# Need freelance writers for academic writing



## RachelMazza (May 26, 2014)

Hello writers!

I'm looking for writers to work with for an ongoing basis to write academic material. Style needs to be professional, but simple. Aimed at adults returning to education after a long absence. 

Subjects vary - anywhere from warehousing, to children's services, to food safety, business communication etc..,

You will be required to do independent research (aka: googling), and also include information from certain legislation or frameworks (which I will provide). 

Most projects take between 10-12 hours to complete, and we can break each workbook down into smaller parts as well. 

Payment is per project, but usually averages out to around $17-$20 AUD / hour. 

If you're interested, I'm happy to give you a small "test' section for you to try out and see if it's a good fit. 

Just respond to me here or send me a message -- rachelmazza at gmail 
(won't let me post my email for some reason)

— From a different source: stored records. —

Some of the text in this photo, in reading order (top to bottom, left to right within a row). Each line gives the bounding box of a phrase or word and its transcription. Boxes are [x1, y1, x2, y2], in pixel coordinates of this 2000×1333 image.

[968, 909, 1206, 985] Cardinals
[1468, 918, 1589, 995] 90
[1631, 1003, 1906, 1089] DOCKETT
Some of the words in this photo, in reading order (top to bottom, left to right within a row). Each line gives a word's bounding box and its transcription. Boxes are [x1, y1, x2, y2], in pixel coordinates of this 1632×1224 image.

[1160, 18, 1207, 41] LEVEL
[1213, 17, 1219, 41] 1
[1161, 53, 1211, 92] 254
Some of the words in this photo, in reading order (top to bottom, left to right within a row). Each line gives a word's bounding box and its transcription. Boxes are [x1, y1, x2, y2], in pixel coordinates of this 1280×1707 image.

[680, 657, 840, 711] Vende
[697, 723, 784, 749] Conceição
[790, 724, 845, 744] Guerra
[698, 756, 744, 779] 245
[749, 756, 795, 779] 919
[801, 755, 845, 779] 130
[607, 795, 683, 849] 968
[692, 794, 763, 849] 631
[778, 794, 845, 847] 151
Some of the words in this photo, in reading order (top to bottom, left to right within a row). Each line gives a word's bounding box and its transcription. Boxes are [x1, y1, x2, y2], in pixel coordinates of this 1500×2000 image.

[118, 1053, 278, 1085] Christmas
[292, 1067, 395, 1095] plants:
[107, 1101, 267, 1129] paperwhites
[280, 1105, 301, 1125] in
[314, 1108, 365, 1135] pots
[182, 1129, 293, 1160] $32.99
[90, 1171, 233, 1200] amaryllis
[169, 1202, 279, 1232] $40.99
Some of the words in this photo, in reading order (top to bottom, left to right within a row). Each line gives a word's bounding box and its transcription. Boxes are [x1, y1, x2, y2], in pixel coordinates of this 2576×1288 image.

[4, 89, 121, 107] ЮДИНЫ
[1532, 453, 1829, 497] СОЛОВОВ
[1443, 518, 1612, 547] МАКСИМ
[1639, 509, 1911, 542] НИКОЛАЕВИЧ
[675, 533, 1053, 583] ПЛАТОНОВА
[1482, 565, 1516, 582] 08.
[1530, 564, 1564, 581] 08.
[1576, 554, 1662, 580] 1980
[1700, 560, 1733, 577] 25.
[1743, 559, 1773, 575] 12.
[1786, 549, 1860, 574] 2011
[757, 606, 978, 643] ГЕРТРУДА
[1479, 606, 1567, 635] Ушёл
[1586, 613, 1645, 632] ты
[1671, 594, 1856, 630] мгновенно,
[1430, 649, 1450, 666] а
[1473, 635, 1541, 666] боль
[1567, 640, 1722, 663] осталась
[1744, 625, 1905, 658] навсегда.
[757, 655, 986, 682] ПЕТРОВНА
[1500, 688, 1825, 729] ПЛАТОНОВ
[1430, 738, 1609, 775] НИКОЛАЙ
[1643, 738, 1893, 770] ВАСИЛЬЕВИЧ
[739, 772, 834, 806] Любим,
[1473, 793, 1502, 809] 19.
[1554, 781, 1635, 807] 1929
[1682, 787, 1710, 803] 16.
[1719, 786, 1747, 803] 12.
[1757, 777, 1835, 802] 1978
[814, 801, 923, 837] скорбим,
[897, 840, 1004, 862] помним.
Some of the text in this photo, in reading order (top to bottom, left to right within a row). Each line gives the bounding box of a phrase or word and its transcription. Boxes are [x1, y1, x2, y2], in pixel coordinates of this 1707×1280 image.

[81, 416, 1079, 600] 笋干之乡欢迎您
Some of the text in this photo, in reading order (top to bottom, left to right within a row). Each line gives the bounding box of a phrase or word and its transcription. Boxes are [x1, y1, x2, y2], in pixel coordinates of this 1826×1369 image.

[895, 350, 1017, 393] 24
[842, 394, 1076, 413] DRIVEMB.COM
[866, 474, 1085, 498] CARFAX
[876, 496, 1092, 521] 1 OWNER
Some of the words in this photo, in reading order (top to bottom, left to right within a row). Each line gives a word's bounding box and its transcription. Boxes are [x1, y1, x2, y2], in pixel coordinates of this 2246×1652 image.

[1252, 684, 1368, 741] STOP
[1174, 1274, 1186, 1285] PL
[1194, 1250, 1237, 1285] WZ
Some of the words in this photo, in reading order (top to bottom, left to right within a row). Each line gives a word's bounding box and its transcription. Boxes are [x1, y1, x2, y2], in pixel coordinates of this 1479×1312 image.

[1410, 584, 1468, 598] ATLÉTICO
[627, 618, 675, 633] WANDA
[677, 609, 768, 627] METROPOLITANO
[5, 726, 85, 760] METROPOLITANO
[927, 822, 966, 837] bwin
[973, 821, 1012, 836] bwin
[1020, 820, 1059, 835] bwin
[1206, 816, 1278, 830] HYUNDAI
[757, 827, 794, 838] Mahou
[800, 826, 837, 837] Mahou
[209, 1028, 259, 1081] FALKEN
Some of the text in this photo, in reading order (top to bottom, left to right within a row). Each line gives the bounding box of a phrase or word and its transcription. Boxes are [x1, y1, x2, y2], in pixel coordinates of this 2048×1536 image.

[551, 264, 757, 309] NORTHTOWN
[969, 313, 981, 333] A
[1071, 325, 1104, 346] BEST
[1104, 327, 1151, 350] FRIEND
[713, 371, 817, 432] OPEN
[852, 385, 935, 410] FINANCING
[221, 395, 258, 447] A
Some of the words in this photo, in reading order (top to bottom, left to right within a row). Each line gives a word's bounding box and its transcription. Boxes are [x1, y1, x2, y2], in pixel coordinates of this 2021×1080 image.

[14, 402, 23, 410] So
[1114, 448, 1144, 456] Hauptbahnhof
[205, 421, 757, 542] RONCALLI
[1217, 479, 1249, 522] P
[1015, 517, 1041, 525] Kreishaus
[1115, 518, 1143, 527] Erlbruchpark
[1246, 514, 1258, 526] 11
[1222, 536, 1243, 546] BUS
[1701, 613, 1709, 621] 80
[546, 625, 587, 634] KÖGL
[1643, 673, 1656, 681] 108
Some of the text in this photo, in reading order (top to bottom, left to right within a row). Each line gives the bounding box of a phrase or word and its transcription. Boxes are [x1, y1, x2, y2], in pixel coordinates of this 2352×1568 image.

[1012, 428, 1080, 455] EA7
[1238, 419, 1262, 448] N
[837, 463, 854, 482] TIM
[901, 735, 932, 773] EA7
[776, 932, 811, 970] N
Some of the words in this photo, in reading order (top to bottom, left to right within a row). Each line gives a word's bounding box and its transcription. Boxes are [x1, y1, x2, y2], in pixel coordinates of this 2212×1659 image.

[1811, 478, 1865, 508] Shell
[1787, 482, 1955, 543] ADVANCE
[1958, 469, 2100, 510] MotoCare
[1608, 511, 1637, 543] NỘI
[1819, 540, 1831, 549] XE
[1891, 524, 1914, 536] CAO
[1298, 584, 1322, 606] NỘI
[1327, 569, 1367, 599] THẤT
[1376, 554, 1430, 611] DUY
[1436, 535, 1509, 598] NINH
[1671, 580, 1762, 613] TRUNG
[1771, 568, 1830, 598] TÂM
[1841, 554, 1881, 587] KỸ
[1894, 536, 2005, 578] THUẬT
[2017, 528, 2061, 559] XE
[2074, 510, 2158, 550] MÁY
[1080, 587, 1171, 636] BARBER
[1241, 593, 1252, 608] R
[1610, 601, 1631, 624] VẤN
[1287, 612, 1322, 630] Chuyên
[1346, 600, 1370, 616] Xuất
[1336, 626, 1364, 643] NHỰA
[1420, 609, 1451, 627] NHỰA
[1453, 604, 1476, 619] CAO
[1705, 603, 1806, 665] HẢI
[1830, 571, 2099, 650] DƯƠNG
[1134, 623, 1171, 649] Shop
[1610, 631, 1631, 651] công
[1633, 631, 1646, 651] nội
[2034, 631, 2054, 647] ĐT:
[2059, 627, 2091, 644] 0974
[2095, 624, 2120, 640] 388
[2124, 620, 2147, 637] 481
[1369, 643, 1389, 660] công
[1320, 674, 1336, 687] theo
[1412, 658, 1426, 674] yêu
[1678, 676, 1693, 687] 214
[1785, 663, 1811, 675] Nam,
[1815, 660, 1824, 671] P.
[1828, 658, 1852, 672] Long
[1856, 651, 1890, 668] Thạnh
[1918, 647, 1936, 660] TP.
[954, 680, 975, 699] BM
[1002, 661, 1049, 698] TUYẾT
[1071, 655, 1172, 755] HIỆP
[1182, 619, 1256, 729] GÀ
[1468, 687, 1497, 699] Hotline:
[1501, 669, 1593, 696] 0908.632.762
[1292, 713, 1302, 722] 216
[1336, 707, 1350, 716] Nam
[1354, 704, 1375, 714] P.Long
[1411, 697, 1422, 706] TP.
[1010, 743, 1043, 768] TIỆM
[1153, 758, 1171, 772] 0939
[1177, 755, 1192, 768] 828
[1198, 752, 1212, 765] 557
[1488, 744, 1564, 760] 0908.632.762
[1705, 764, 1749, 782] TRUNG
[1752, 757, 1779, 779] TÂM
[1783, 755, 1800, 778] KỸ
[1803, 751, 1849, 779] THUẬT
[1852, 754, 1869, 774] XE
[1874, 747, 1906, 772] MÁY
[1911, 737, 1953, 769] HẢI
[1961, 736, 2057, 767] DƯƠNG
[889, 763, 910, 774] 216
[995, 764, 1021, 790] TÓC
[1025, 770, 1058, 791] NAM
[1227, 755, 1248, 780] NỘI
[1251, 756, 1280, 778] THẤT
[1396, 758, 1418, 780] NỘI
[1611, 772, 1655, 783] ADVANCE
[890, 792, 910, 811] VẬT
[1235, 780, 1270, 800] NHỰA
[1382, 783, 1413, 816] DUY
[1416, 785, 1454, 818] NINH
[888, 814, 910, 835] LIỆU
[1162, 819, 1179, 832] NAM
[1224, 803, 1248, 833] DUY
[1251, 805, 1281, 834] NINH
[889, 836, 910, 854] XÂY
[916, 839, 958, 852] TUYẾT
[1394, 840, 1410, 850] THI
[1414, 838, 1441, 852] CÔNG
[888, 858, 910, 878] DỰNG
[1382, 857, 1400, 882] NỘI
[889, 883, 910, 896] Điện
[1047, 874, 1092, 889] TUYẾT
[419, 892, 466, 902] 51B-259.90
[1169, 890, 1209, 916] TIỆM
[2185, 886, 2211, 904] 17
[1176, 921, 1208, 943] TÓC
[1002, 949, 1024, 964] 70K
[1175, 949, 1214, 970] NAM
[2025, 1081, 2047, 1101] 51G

This is a great way to develop a remote income. I've been traveling the world (currently in Thailand after 2 years in Australia) and now do this full time.


----------



## veerswaraj (Jun 8, 2014)

can you provide your email address .


----------



## RachelMazza (May 26, 2014)

*contact details*

Yep!

I'm having trouble posting my email address.

It's rachelmazza at gmail


----------



## zaheer (Apr 21, 2013)

Hello Rachel, just sent you an email. Hoping the offer is still open.

Thanks

Regards

Zah


----------